Exercise instructions: Would you please transcribe the listing exactly, with no images?

Task data:

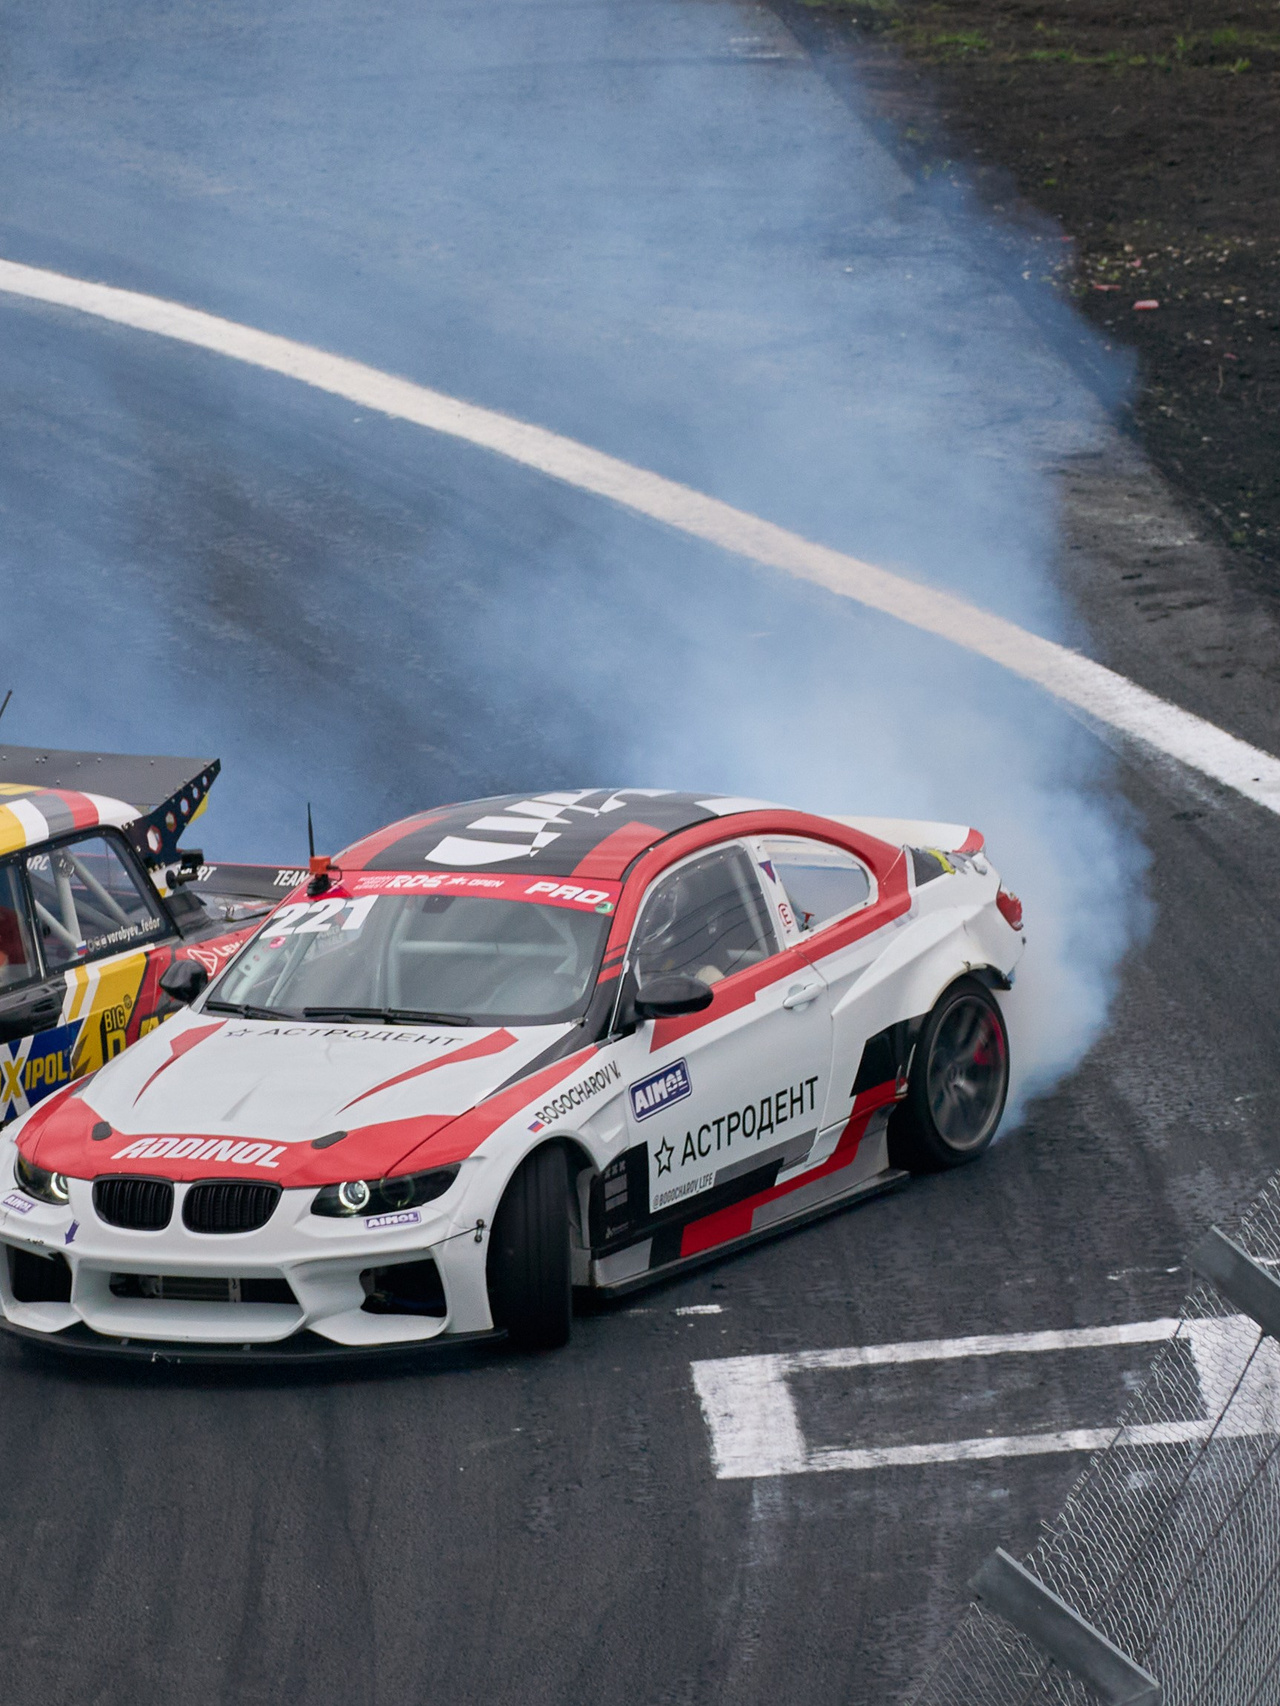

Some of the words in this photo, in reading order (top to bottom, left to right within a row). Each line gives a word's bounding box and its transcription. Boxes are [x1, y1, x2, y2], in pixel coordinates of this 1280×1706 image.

[385, 874, 452, 889] RDS
[468, 878, 505, 889] OPEN
[524, 881, 610, 904] PRO
[259, 894, 380, 940] 221
[104, 1006, 126, 1032] BIG
[258, 1027, 464, 1047] АСТРОДЕНТ
[535, 1065, 613, 1125] BOGOCHAROV
[635, 1069, 688, 1113] AIMOL
[681, 1075, 819, 1167] АСТРОДЕНТ
[110, 1137, 288, 1168] ADDINOL
[367, 1213, 418, 1228] AIMOL

Exercise response:
Some of the words in this photo, in reading order (top to bottom, left to right within a row). Each line gives a word's bounding box and its transcription. Boxes are [x1, y1, x2, y2], in pixel coordinates of this 1280×1706 image.

[385, 874, 452, 889] RDS
[468, 878, 505, 889] OPEN
[524, 881, 610, 904] PRO
[259, 894, 380, 940] 221
[104, 1006, 126, 1032] BIG
[258, 1027, 464, 1047] АСТРОДЕНТ
[535, 1065, 613, 1125] BOGOCHAROV
[635, 1069, 688, 1113] AIMOL
[681, 1075, 819, 1167] АСТРОДЕНТ
[110, 1137, 288, 1168] ADDINOL
[367, 1213, 418, 1228] AIMOL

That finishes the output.